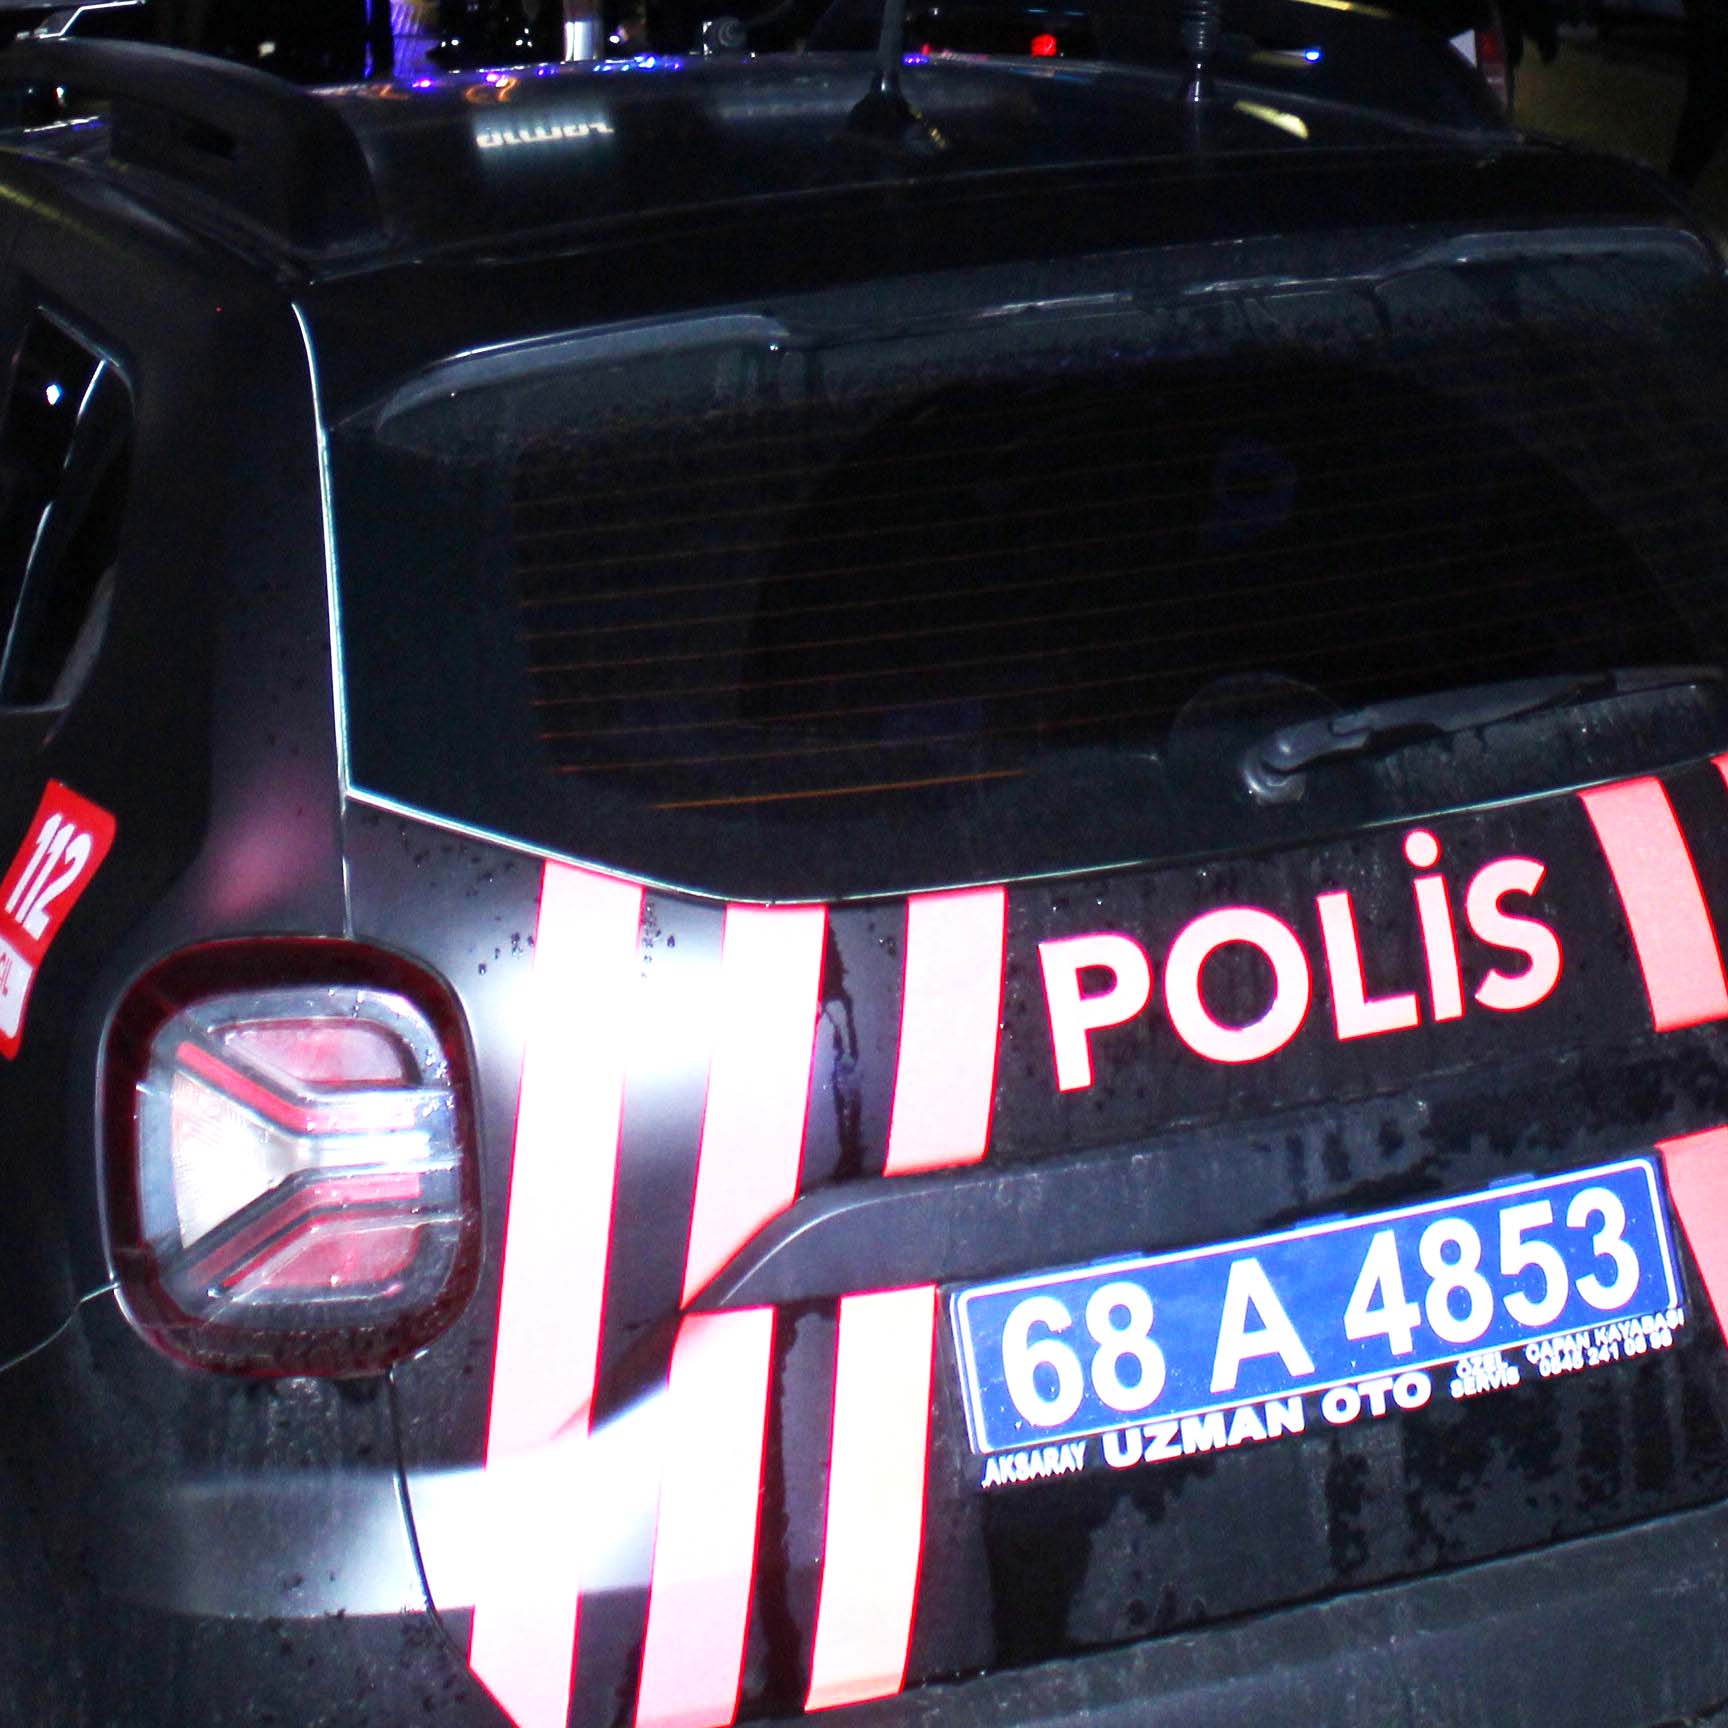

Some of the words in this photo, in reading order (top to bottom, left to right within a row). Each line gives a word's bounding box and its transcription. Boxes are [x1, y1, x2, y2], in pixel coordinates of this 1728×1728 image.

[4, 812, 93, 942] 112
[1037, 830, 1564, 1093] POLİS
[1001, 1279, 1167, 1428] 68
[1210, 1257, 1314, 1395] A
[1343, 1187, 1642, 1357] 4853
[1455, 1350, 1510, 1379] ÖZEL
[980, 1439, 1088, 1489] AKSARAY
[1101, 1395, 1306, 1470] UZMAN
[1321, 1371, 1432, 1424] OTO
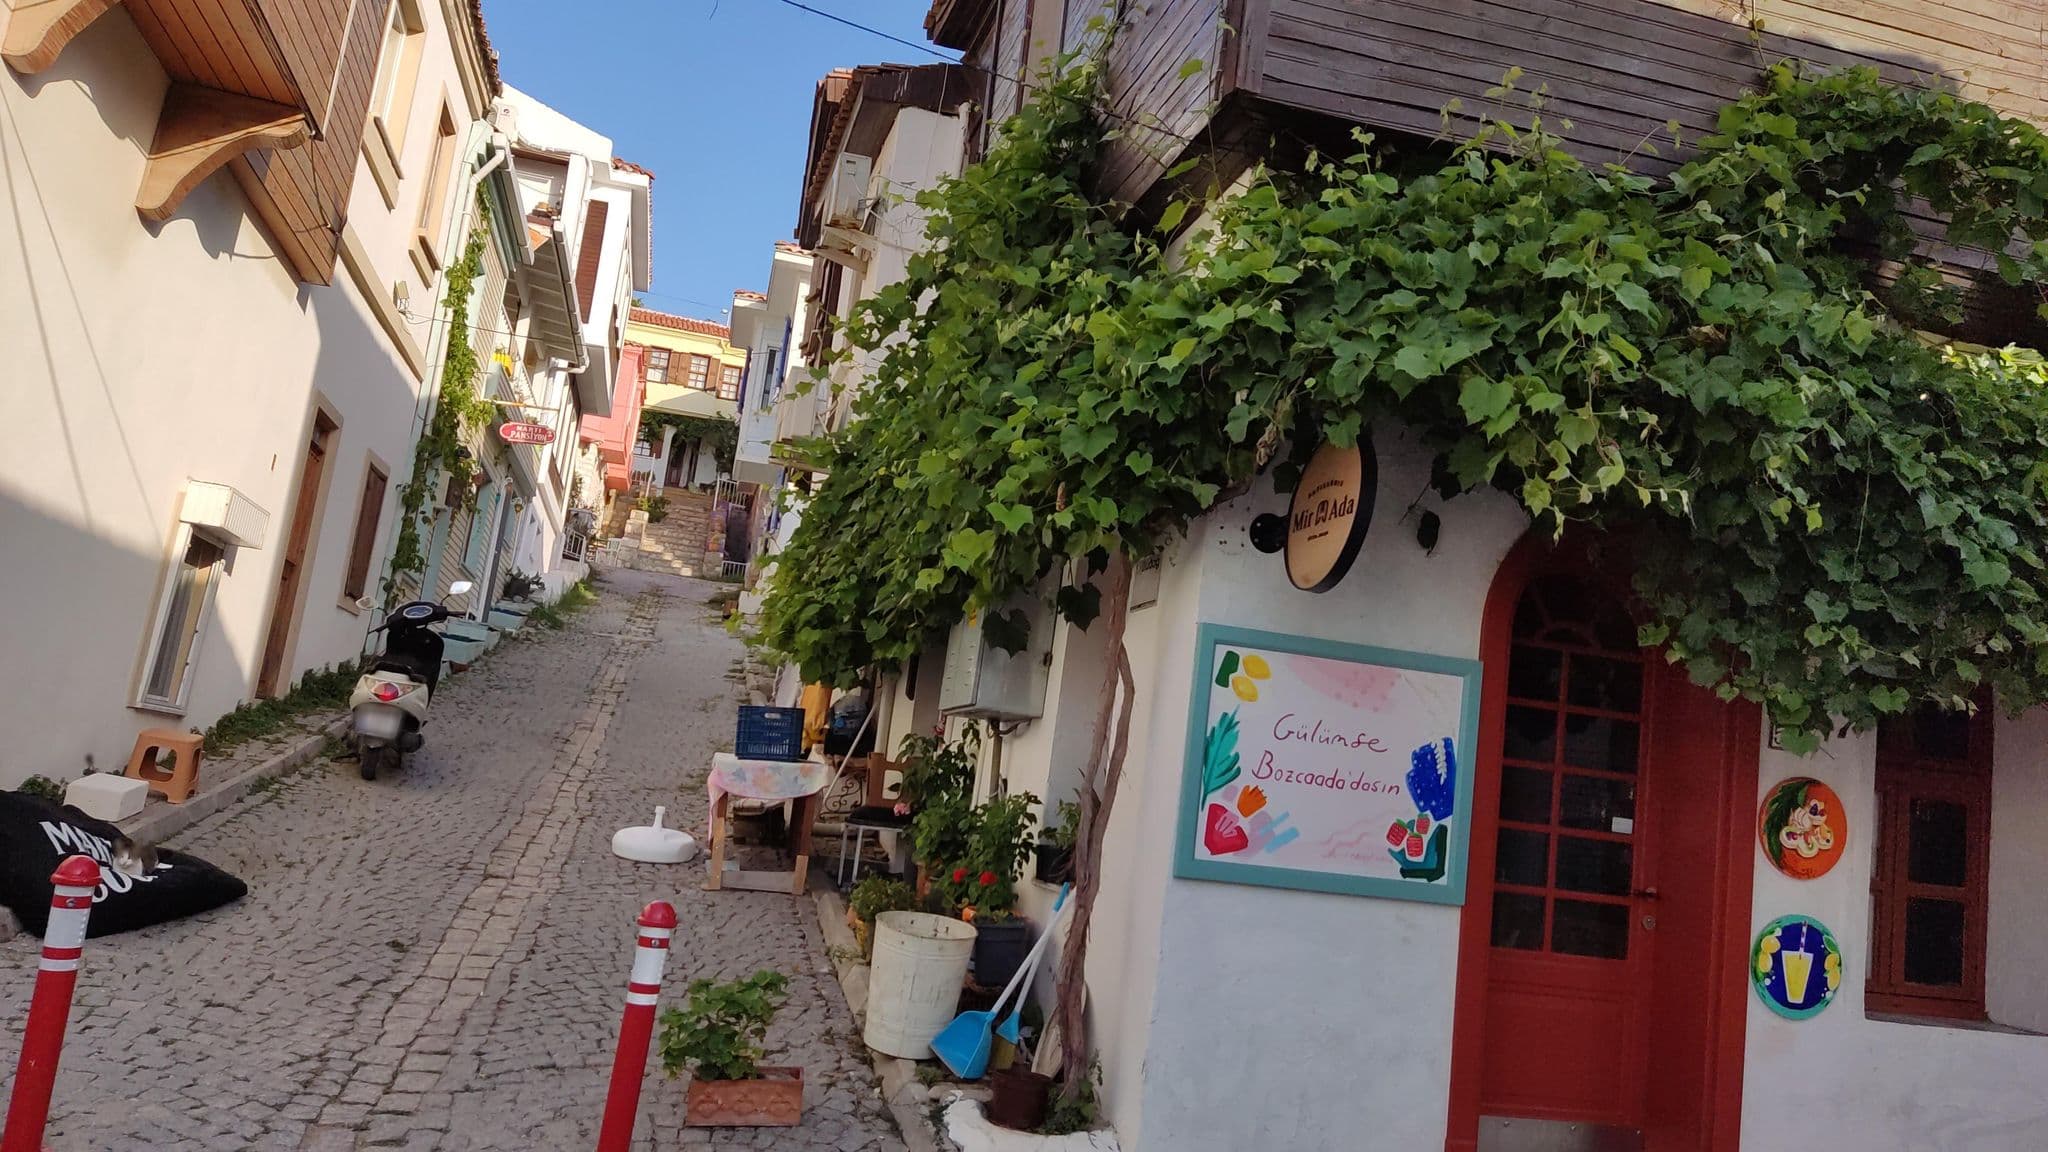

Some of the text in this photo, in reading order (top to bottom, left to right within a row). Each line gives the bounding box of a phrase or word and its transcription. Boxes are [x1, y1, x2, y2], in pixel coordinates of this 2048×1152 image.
______________________________
> _EXERCISE DIRECTIONS_: Retype all the material word for word while skipping any picture it contains.

> _RESPONSE AREA_:
Some of the words in this photo, in reading order (top to bottom, left to right within a row). Each line gives a word's bounding box and its transcription. Boxes are [x1, y1, x2, y2], in pixel coordinates of this 1728×1728 image.

[4, 812, 93, 942] 112
[1037, 830, 1564, 1093] POLİS
[1001, 1279, 1167, 1428] 68
[1210, 1257, 1314, 1395] A
[1343, 1187, 1642, 1357] 4853
[1455, 1350, 1510, 1379] ÖZEL
[980, 1439, 1088, 1489] AKSARAY
[1101, 1395, 1306, 1470] UZMAN
[1321, 1371, 1432, 1424] OTO

Some of the text in this photo, in reading order (top to bottom, left to right within a row). Each line gives the bounding box of a phrase or word and its transcription. Boxes are [x1, y1, x2, y2], in pixel coordinates of this 2048×1152 image.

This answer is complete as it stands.